En la variedad está el futuro

La fiesta de los candidatos a los Goya reúne a lo mejor de la profesión en la Puerta del Sol

ULY MARTÍN

Para quienes acusan al cine español de monotemático, este año los Goya demuestran la rica variedad de las películas de 2011. Por de pronto, los cuatro candidatos son un western (Blackthorn), un filme de terror (La piel que habito), un thriller (No habrá paz para los malvados) y un drama histórico (La voz dormida). Una diversidad que se disfrutaba en la fiesta de los candidatos a los Goya 2011, celebrada esta noche en la madrileña Puerta del Sol, y que contó con una numerosa presencia de finalistas, desde luego la más grande de los últimos años. La única que recogió ayer su premio fue la cineasta Josefina Molina, Goya de honor y primera directora en obtener este reconocimiento, que fue recibida por los seleccionados puestos en pie. Fue uno de los grandes momentos: los candidatos, que posaban para la foto de familia en una grada, se dieron la vuelta para ver el video homenaje de Molina. Con la estatuilla en la mano, la realizadora recordó una frase del filósofo Montaigne, muy adecuada a los momentos que ahora vivimos: "Aprender a vivir es sobrellevar la imperfección e incluso aprender a gozarla".

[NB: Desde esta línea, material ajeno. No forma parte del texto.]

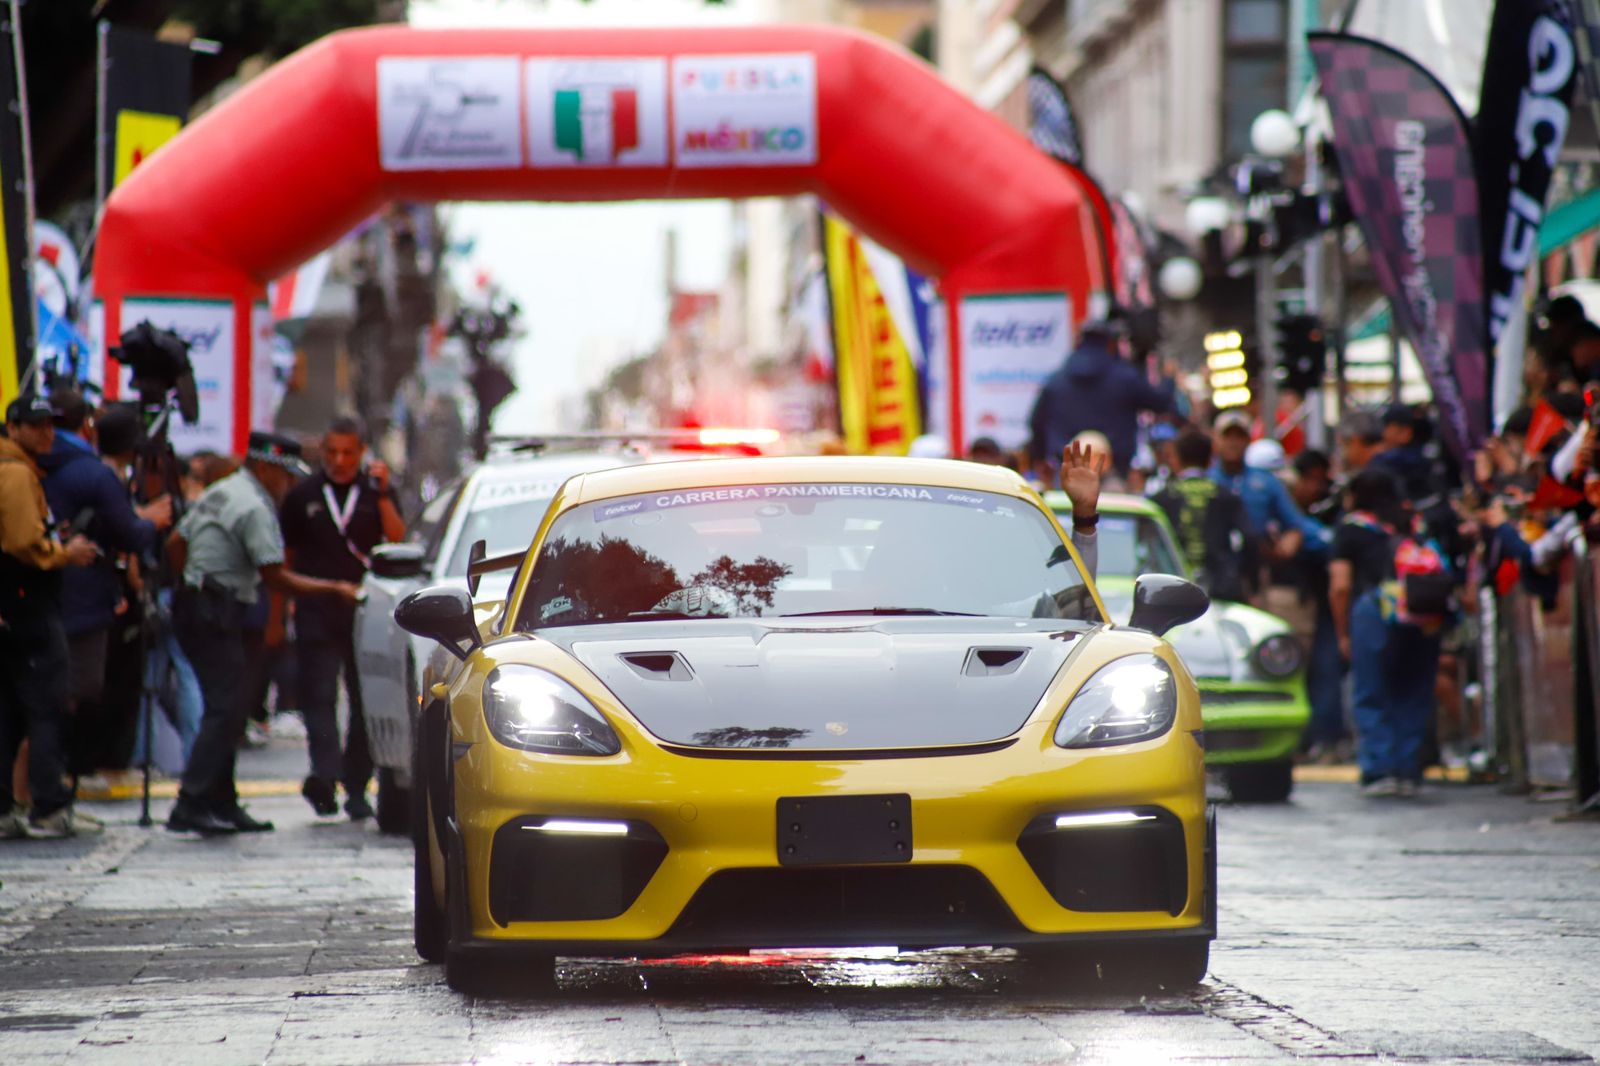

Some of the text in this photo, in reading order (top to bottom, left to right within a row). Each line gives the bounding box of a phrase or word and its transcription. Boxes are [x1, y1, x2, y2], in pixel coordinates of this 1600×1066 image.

[604, 484, 984, 516] telcel CARRERA PANAMERICANA telcel

Durante el acto, muchos candidatos incidieron en la diversidad de las películas finalistas. "Lo que une a estas propuestas, además de la variedad, es su personalidad. Los directores y escritores tienen una total libertad para realizar lo que quieren. Esta es la fortaleza de nuestra industria", aseguraba Mateo Gil, director de Blackthorn, una de las películas de este cuarteto de grandes. Agustín Almodóvar, productor de La piel que habito, incidía en el cambio que vive la industria cinematográfica: "Es un reflejo de los últimos años del cine español, y de la gente joven que está llegando. Es magnífico que haya un arco tan grande, en el que la diversidad es riqueza". Enrique Urbizu, director de No habrá paz para los malvados, calificó de señal de la muy buena salud para el cine “la oferta variada que proponen estas películas”. "Hay que ser optimistas. Es una obligación, aunque tengamos que ir contracorriente. La crisis es muy grande, pero no podemos dejar de pensar en el cine". Por cierto, entre ellos no hubo grandes rivalidades: fue una jornada para la fiesta, no para los nervios. Esos quedan para la gala, el 19 de febrero. Benito Zambrano, realizador de La voz dormida, lo tuvo muy claro: "Tiene que haber cine para todos los públicos, y público para todos los cines. No solo es importante la variedad de este año sino la calidad técnico-artística de las películas".

También los actores se congratulaban de ese gusto por los géneros. Luis Tosar, candidato al mejor actor por Mientras duermes, aseguraba: "El futuro está en estos saltos, en que yo, por ejemplo, como actor, pueda escoger entre guiones muy distintos, y el espectador, entre tan diversas propuestas en la pantalla. Se veía venir". Uno de sus rivales, José Coronado, por No habrá paz para los malvados, asentía en la importancia de que "el público encuentre variedad en la cartelera". Kike Maíllo, director debutante con Eva, un filme de ciencia-ficción y retrofuturismo, encontró una expresión acertada en este cóctel. "Es que 2011 ha sido el año de la coincidencia azarosa. Pedro Almodóvar se ha pasado al terror, yo he logrado estrenar mi película… Y luego que hay gente que ha mamado desde pequeño estos géneros. Además, la Academia demuestra que está advierta de miras". Y dicho esto, se fueron a las copas, que para eso la fiesta ha vuelto al horario nocturno: trajes de gala y mucho negro.